Li Daoxuan sifflota gaiement en rentrant chez lui.
Il était de plutôt bonne humeur. Une villa individuelle de trois cents mètres carrés avec un grand jardin au sommet de la montagne Zhaomu ne coûterait que six millions et quelques. Avec ses ressources financières actuelles, il pouvait aisément se l'offrir.
Il prévoyait d'abattre tous les murs du deuxième étage après l'achat. Il transformerait l'étage entier en un vaste loft vide — juste assez spacieux pour accueillir la caisse, un lit et un bureau d'ordinateur. Rien d'autre n'occuperait cet espace. Cela offrirait définitivement assez de place pour la caisse. Même si la caisse s'agrandissait encore plusieurs fois à l'avenir, ça ne poserait pas de problème.
Après tout, la caisse ne pouvait probablement pas s'agrandir indéfiniment. Une fois une certaine taille atteinte, l'expansion s'arrêterait probablement.
En pensant à ce grand plan de développement pour son Royaume Minuscule, il sortit ses clés. Il déverrouilla la porte et entra, allumant les lumières du salon.

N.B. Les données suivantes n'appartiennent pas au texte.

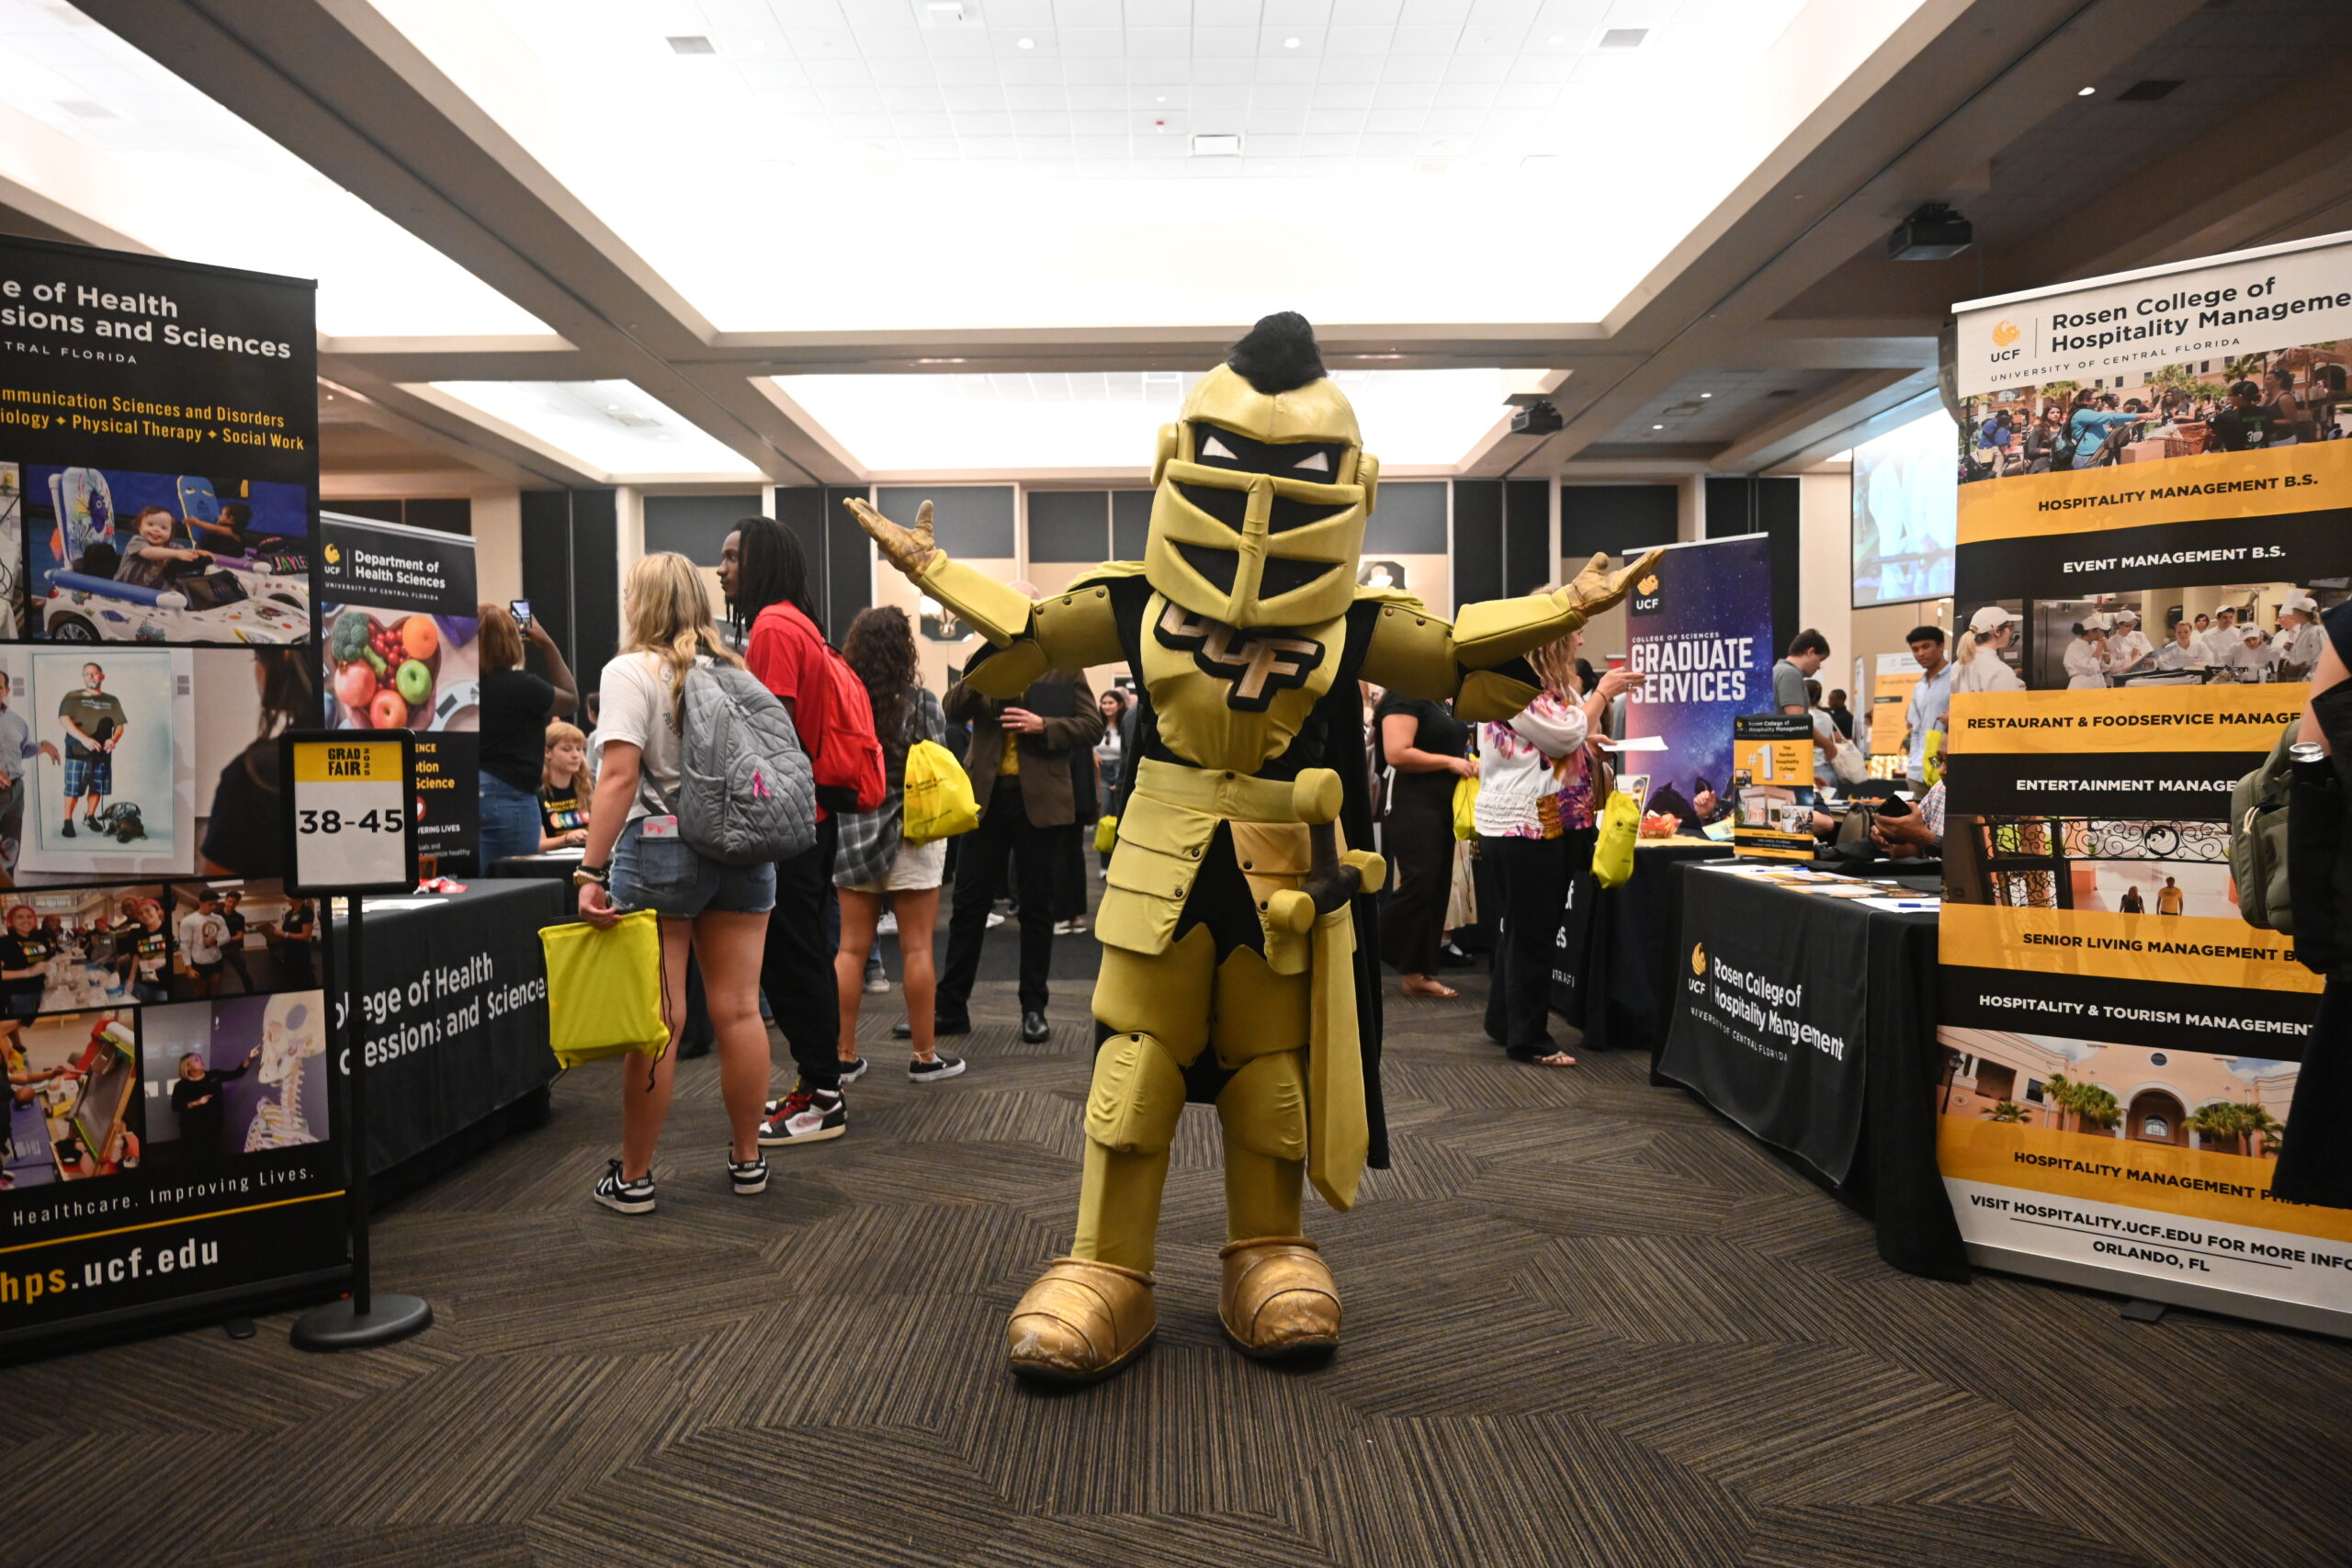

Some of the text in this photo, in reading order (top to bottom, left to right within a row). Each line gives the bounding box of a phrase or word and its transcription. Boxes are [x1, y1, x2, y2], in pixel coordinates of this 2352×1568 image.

[33, 281, 66, 303] of
[77, 285, 178, 319] Health
[2052, 276, 2277, 332] Rosen College of
[1, 305, 291, 359] sions and Sciences
[2051, 292, 2351, 353] Hospitality Manageme
[5, 341, 137, 365] TRAL FLORIDA
[1991, 349, 2020, 363] UCF
[1991, 337, 2241, 382] UNIVERSITY OF CENTRAL FLORIDA
[2, 389, 285, 428] mmunication Sciences and Disorders
[1, 407, 304, 450] iology Physical Therapy Social Work
[2038, 473, 2318, 512] HOSPITALITY MANAGEMENT B.S.
[324, 565, 341, 575] UCF
[355, 549, 440, 573] Department of
[2063, 545, 2286, 573] EVENT MANAGEMENT B.S.
[325, 581, 367, 592] UNIVERSITY
[379, 588, 409, 598] CENTRAL
[412, 592, 438, 601] FLORIDA
[356, 566, 447, 589] Health Sciences
[1636, 598, 1659, 610] UCF
[1632, 635, 1664, 643] COLLEGE
[1680, 631, 1720, 640] SCIENCES
[1631, 637, 1754, 673] GRADUATE
[1631, 670, 1747, 704] SERVICES
[1967, 716, 2074, 729] RESTAURANT
[2077, 716, 2088, 728] &
[2093, 713, 2214, 726] FOODSERVICE
[328, 748, 360, 760] GRAD
[328, 761, 361, 776] FAIR
[416, 761, 439, 773] tion
[1748, 743, 1773, 781] #1
[416, 778, 455, 790] Science
[2016, 779, 2237, 792] ENTERTAINMENT MANAGE
[300, 808, 403, 834] 38-45
[441, 824, 460, 834] LIVES
[2023, 932, 2083, 947] SENIOR
[2086, 937, 2143, 952] LIVING
[2147, 942, 2278, 961] MANAGEMENT
[408, 970, 431, 1008] of
[435, 952, 493, 998] Health
[1689, 978, 1706, 995] UCF
[1714, 956, 1744, 989] Rosen
[1785, 984, 1802, 1008] of
[447, 996, 480, 1037] and
[487, 977, 548, 1021] Science
[1714, 984, 1766, 1032] Hospitality
[1979, 995, 2313, 1036] HOSPITALITY & TOURISM MANAGEMEN
[1733, 1030, 1758, 1051] CENTRAL
[1758, 1043, 1788, 1062] FLORIDA
[2014, 1151, 2121, 1178] HOSPITALITY
[2126, 1168, 2256, 1199] MANAGEMENT
[14, 1166, 315, 1226] Healthcare. Improving Lives.
[1971, 1195, 2010, 1212] VISIT
[2014, 1202, 2202, 1245] HOSPITALITY.UCF.EDU
[2208, 1235, 2245, 1252] FOR
[2251, 1243, 2305, 1262] MORE
[1, 1238, 219, 1304] hps.ucf.edu
[2093, 1240, 2211, 1271] ORLANDO, FL

La caisse colossale trônait au centre de la pièce. Avant de partir plus tôt, il avait choisi distraitement un endroit pour « faire pleuvoir ». La journée entière avait humidifié le sol en profondeur sur cette zone.

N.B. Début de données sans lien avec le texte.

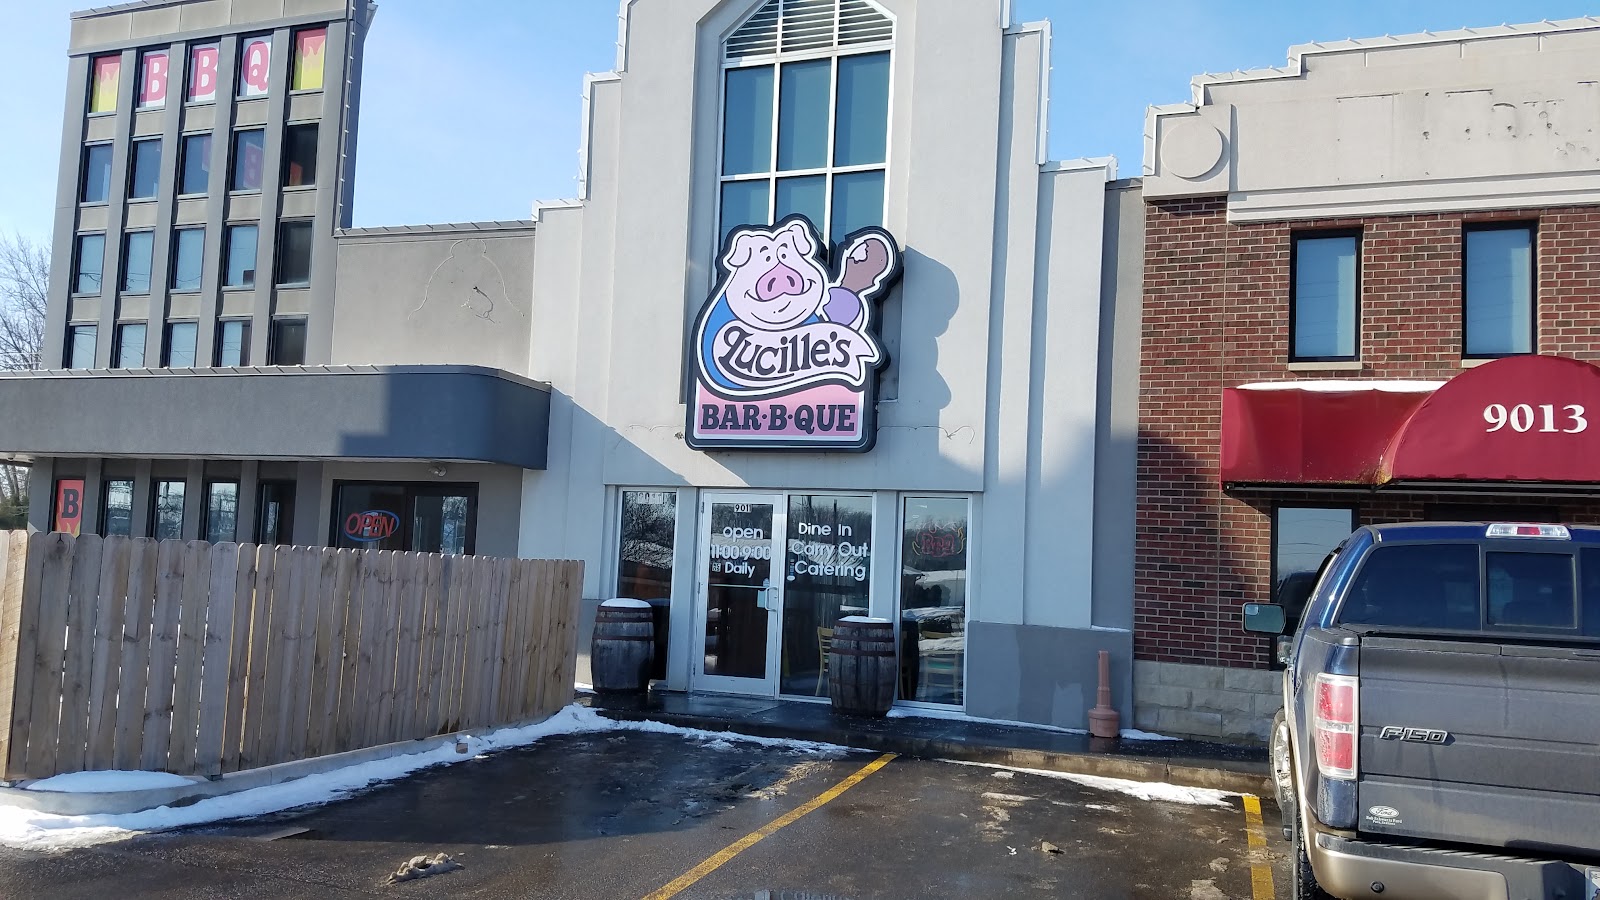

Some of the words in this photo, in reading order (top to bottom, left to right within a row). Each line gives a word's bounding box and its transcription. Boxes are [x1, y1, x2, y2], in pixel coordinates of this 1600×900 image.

Li Daoxuan rangea le nébuliseur médical. Ses doigts tapèrent d'abord sur Gaojia Village, ramenant sa perspective de ce côté. Bien que la nuit fût tombée, Gaojia Village restait animé et vivant. Les ouvriers qui avaient fini leur service se rassemblaient au cercle commercial de Gaojia — à regarder des pièces, écouter des chants, boire du thé, ou entendre des conteurs filer leurs histoires…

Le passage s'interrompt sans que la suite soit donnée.